INFORMATION GIVEN:
=== Section Start ===

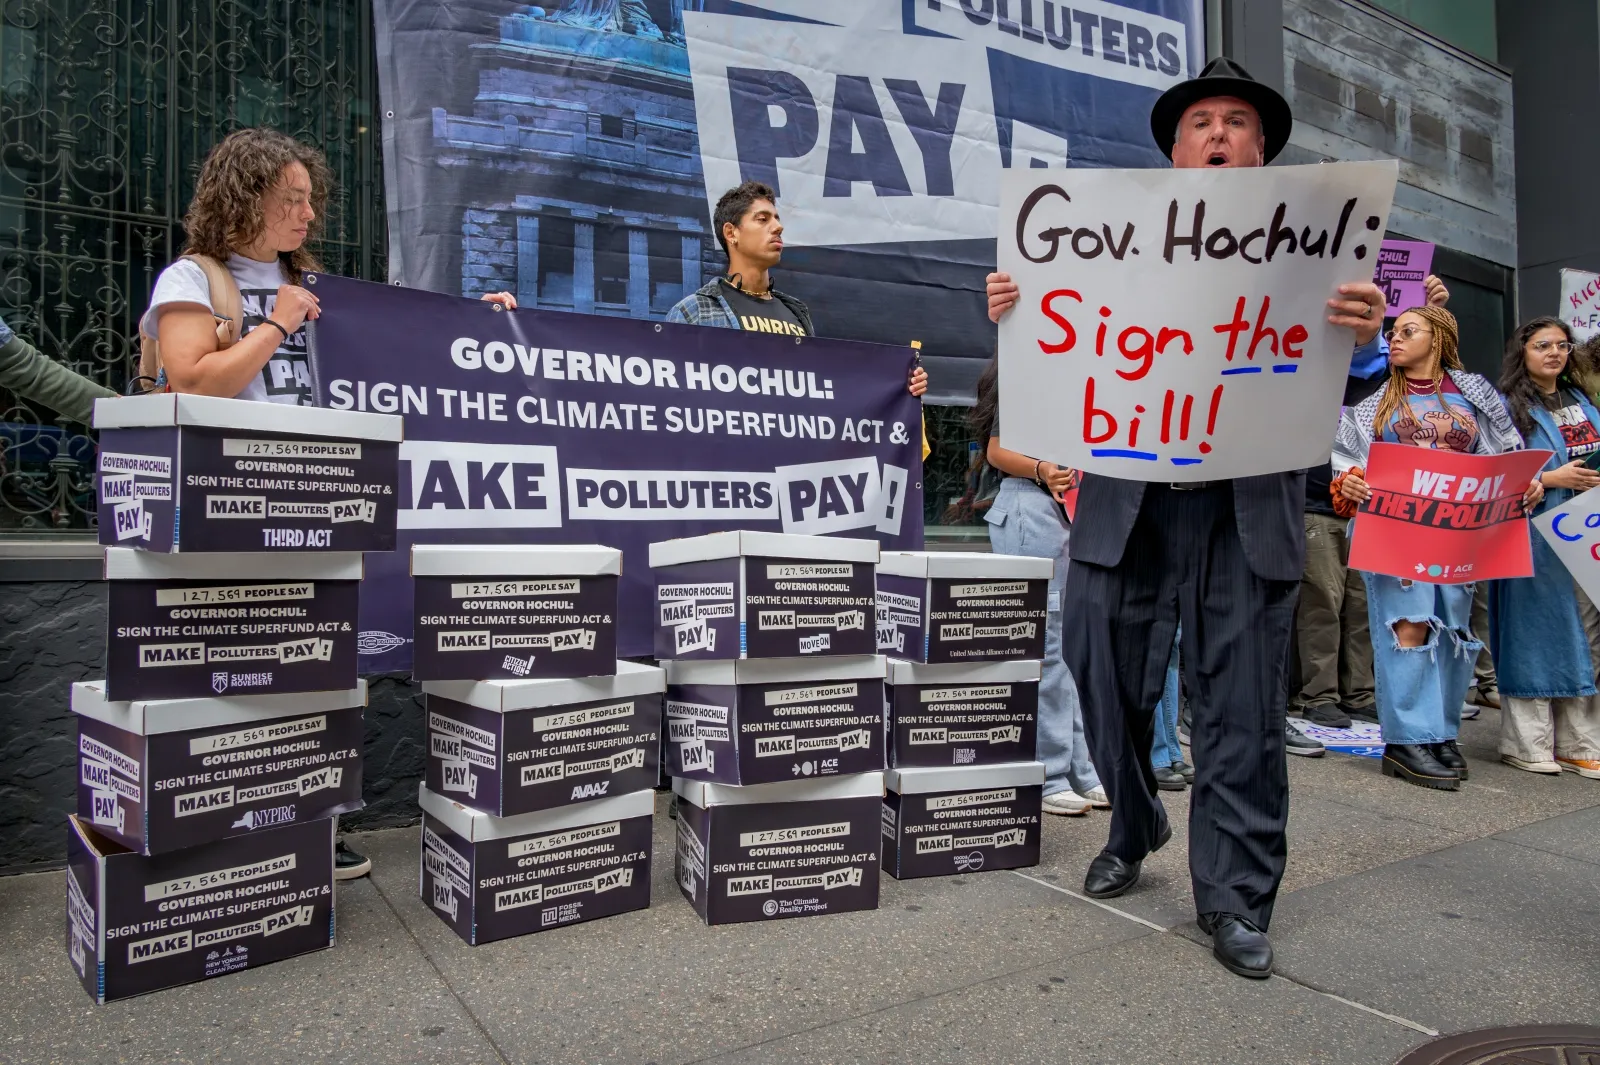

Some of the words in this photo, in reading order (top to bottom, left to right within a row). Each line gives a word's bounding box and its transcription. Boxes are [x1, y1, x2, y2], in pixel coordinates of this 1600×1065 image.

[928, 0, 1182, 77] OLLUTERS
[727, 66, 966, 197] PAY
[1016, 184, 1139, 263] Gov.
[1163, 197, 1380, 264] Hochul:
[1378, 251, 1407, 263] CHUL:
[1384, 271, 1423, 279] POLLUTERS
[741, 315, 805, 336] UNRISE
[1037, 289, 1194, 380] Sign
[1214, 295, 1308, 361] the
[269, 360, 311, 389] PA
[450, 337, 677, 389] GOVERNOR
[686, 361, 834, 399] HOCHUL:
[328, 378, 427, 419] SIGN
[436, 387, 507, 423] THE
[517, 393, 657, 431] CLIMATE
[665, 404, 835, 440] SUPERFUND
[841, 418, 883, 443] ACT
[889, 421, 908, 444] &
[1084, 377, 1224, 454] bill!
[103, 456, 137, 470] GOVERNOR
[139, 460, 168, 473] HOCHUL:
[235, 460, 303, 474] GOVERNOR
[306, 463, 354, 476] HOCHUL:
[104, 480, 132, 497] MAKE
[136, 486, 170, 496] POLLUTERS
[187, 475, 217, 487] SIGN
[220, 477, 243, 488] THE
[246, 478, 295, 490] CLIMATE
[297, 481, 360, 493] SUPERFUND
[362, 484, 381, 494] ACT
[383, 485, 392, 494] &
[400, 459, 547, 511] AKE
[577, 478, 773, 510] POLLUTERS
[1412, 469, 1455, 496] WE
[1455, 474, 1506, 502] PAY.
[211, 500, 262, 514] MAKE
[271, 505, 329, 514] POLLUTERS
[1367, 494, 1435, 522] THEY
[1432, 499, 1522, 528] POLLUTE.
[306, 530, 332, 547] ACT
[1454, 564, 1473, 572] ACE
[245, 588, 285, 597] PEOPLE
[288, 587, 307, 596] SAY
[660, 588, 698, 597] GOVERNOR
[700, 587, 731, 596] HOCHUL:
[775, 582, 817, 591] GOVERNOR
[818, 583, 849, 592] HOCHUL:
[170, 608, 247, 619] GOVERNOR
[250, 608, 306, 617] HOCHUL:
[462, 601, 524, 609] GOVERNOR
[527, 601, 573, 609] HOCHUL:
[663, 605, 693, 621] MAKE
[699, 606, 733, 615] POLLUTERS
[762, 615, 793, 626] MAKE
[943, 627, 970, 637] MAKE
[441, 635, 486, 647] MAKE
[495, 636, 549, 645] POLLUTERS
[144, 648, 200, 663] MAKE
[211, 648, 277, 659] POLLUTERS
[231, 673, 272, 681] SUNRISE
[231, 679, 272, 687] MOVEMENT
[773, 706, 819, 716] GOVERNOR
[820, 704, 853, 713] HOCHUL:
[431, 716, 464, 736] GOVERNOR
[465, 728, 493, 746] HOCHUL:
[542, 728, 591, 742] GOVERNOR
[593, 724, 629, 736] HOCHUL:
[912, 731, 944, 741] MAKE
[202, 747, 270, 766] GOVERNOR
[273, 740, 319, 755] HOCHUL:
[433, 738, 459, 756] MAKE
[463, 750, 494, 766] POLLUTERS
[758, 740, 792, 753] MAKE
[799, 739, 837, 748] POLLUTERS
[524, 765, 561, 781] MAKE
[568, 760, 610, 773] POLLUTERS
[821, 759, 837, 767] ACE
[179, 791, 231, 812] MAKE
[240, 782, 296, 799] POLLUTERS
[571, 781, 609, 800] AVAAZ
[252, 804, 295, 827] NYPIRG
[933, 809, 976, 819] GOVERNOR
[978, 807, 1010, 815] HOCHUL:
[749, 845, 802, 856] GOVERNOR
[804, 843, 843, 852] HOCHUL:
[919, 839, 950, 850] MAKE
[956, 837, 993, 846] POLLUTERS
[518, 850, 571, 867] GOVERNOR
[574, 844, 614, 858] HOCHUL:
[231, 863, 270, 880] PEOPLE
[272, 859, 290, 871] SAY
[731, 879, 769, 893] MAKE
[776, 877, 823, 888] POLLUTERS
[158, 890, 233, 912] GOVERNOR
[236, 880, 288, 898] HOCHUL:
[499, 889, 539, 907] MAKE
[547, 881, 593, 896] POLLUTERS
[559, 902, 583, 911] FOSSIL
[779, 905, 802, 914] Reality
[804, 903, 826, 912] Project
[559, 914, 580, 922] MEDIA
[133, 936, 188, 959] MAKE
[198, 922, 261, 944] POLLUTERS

=== Section End ===
=== Section Start ===

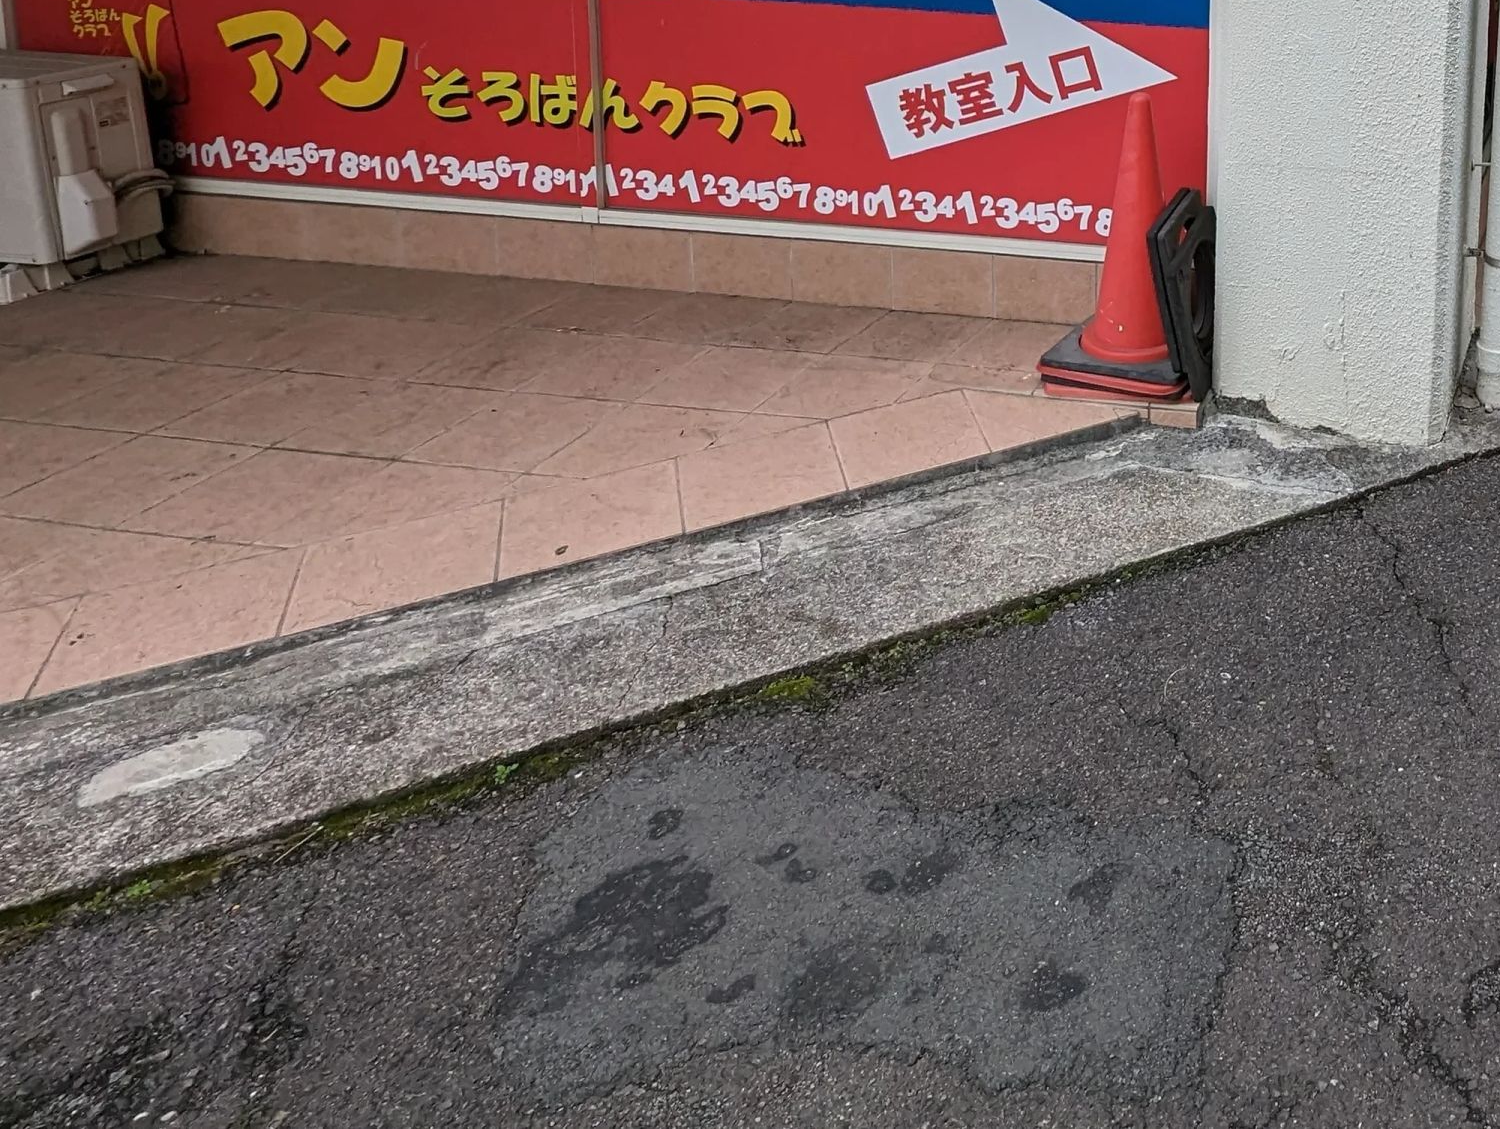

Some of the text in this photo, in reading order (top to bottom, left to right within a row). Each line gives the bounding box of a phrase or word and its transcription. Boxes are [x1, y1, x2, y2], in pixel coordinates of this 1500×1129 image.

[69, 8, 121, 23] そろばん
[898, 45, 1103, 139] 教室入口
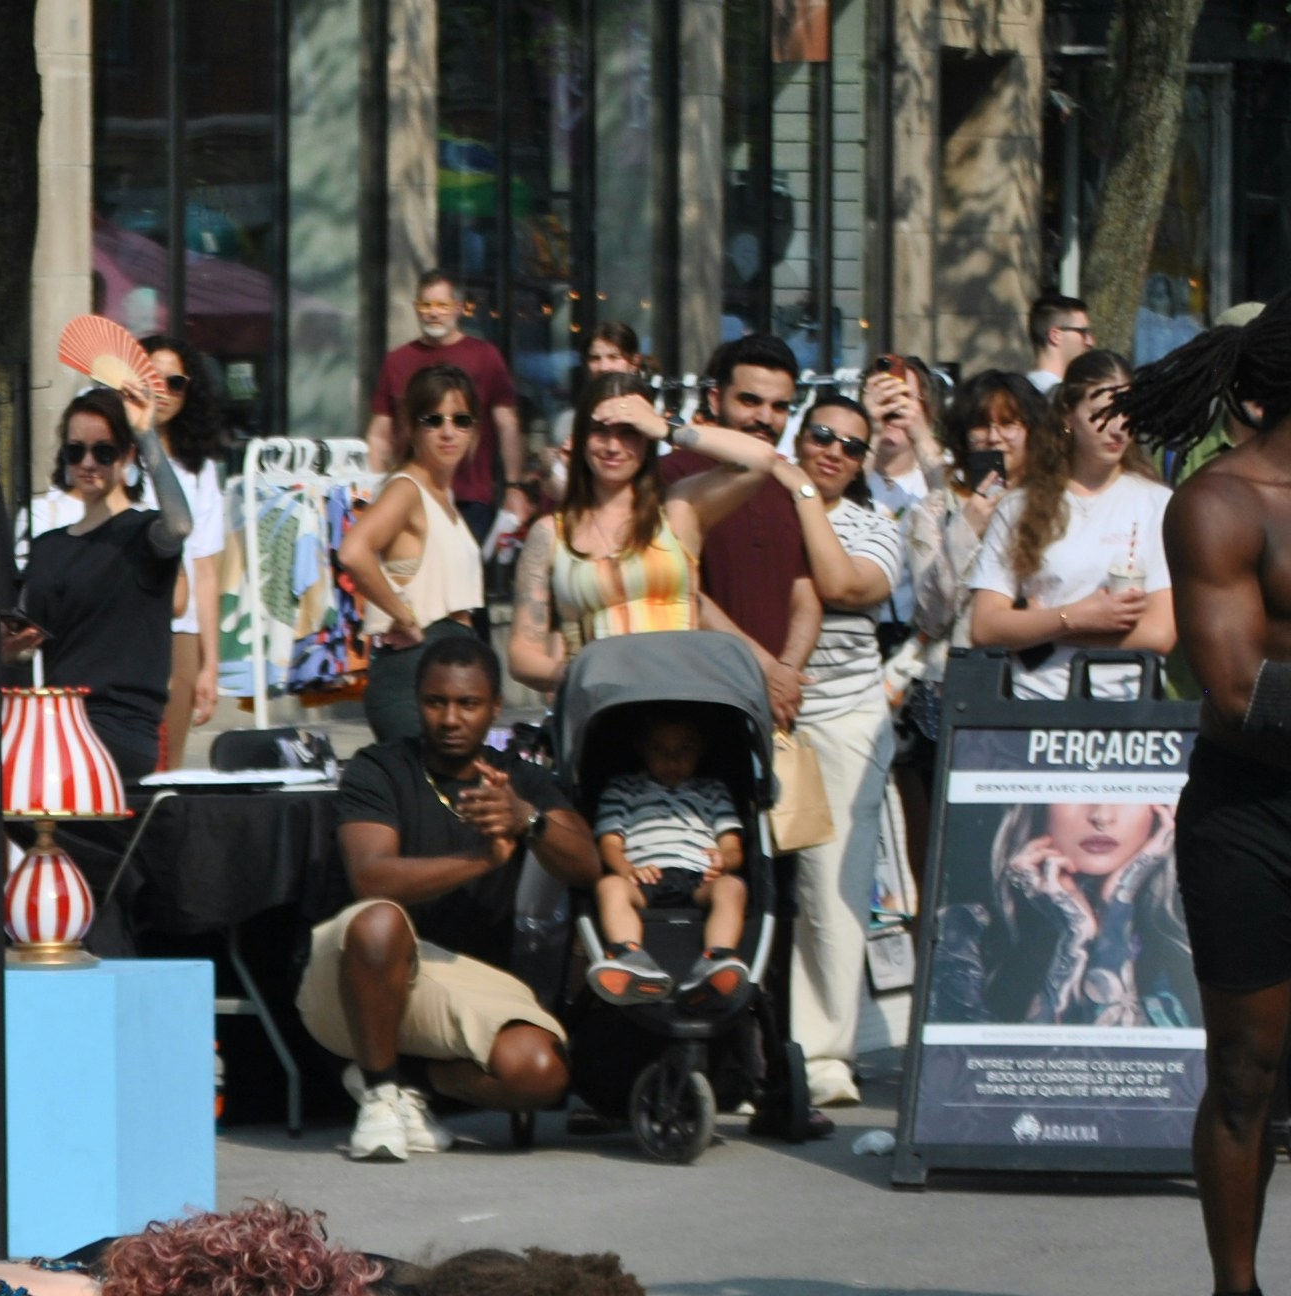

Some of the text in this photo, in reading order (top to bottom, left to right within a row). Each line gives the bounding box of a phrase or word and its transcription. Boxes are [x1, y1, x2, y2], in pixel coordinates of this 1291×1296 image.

=== Section End ===
=== Section Start ===

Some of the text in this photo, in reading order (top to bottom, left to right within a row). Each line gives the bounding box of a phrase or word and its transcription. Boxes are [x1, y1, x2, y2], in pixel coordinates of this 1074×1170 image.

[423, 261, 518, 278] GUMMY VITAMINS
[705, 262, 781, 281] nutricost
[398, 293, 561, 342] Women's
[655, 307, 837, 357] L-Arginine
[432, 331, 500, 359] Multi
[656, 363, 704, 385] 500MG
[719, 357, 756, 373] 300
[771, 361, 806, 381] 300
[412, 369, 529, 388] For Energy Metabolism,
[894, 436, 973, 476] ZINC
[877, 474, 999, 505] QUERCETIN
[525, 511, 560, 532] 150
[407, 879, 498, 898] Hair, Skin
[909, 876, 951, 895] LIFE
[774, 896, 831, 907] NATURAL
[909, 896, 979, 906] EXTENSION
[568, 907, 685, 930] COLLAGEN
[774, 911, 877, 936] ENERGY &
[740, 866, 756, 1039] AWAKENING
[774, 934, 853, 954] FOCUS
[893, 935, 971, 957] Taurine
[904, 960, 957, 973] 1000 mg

=== Section End ===

Only the lines above from the one containing "this 1500×1129 image." through the one containing "this 1291×1296 image." should be returned, verbatim and inclusive, with pictures excluded.

RESPONSE BOX:
Some of the text in this photo, in reading order (top to bottom, left to right within a row). Each line gives the bounding box of a phrase or word and its transcription. Boxes are [x1, y1, x2, y2], in pixel coordinates of this 1500×1129 image.

[69, 8, 121, 23] そろばん
[898, 45, 1103, 139] 教室入口

Some of the text in this photo, in reading order (top to bottom, left to right within a row). Each line gives the bounding box of a phrase or word and its transcription. Boxes are [x1, y1, x2, y2], in pixel coordinates of this 1291×1296 image.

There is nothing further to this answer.